### PROBLEM TO WORK ON
Transcribe the data that follows without changing a word, and omit the pictures.

### RECORDS TO PROCESS
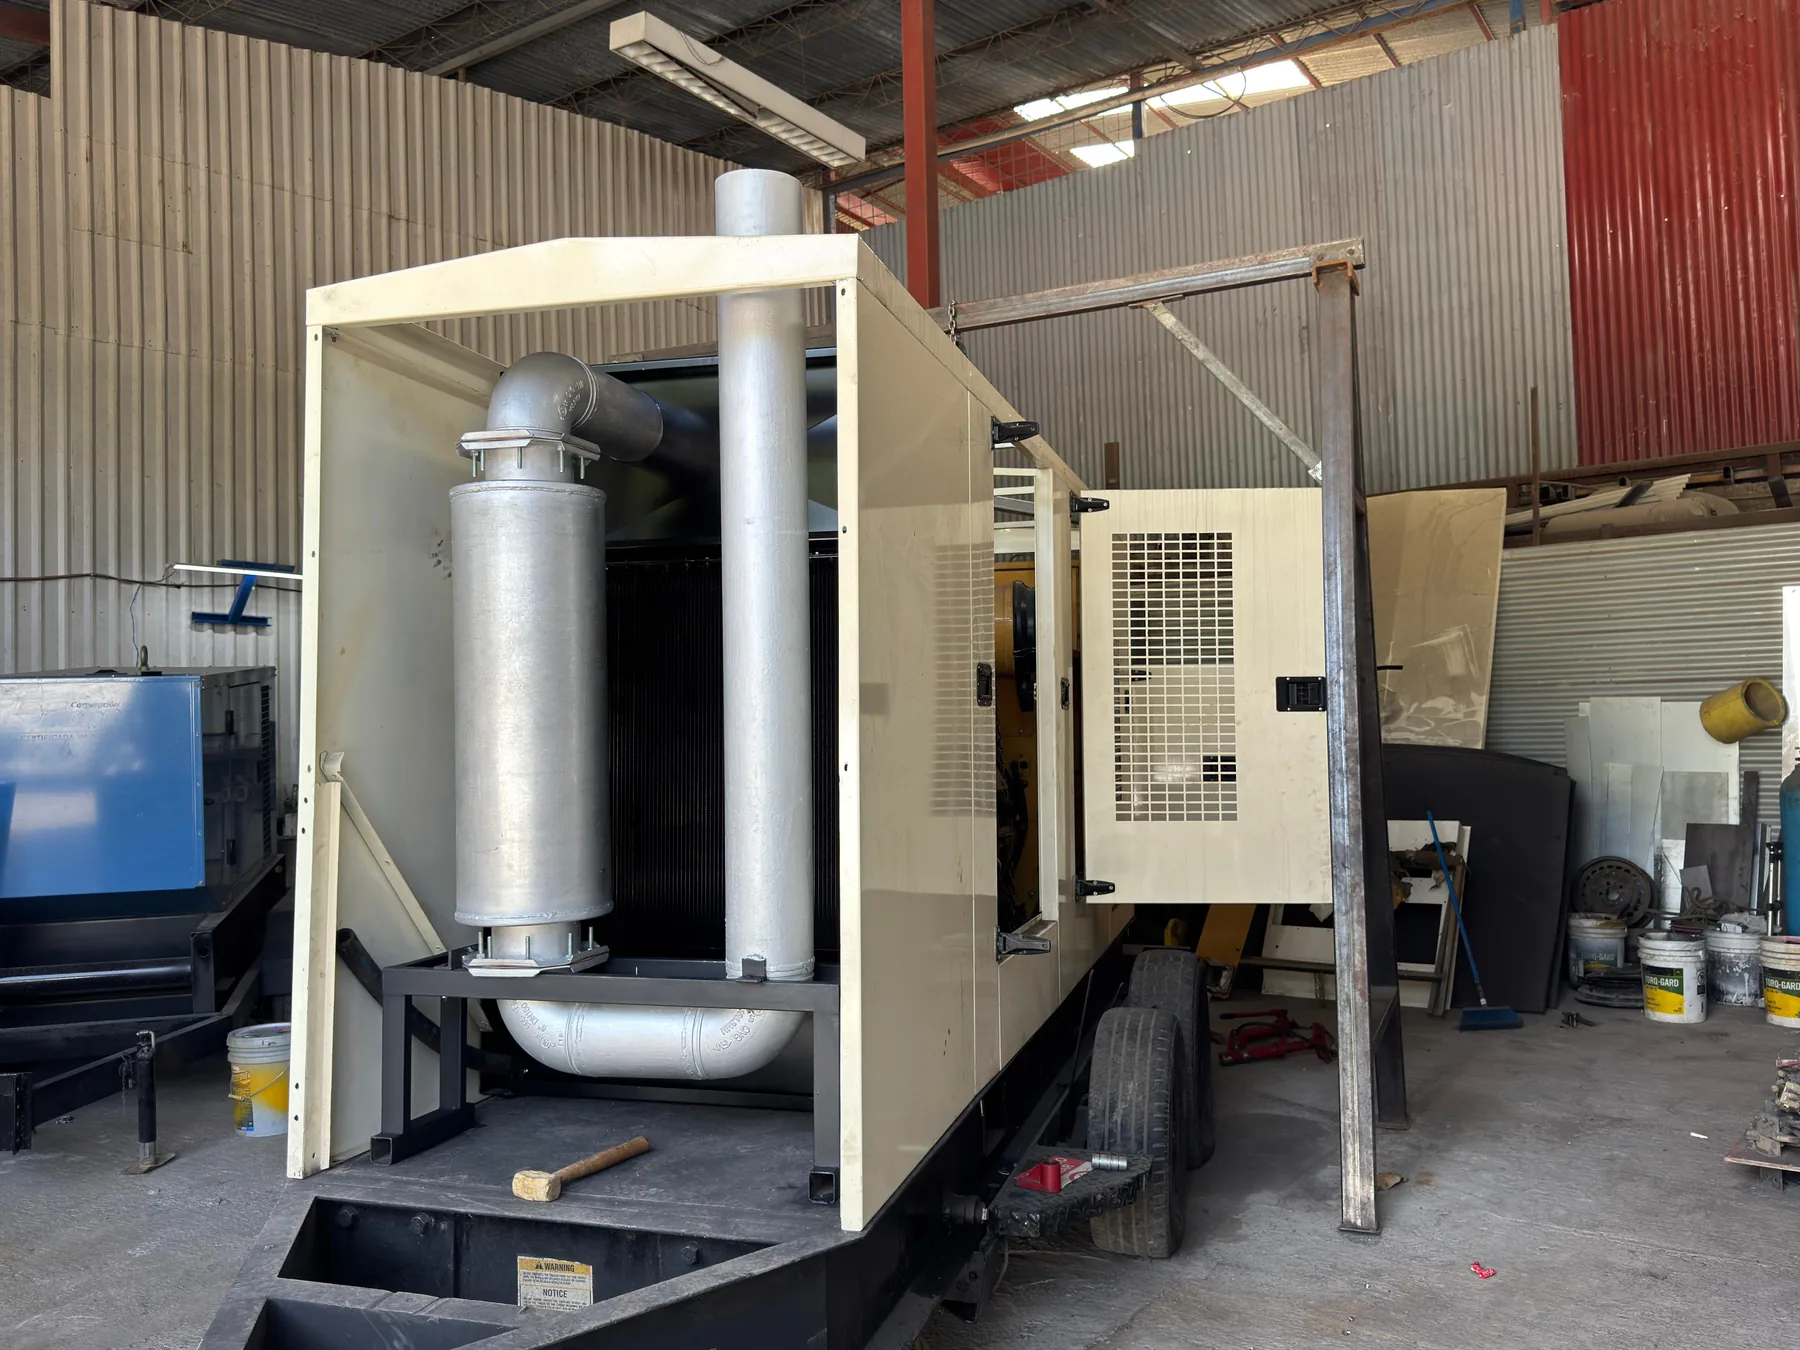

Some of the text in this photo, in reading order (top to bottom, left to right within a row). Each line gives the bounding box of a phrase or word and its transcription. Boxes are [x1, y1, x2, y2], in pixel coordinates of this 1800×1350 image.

[1644, 975, 1680, 988] TORQ-GARD
[1765, 977, 1800, 991] TORQ-GARD
[544, 1262, 575, 1272] WARNING
[542, 1288, 568, 1298] NOTICE

### RESPONSE TO THE EXERCISE
Some of the text in this photo, in reading order (top to bottom, left to right within a row). Each line gives the bounding box of a phrase or word and its transcription. Boxes are [x1, y1, x2, y2], in pixel coordinates of this 1800×1350 image.

[1644, 975, 1680, 988] TORQ-GARD
[1765, 977, 1800, 991] TORQ-GARD
[544, 1262, 575, 1272] WARNING
[542, 1288, 568, 1298] NOTICE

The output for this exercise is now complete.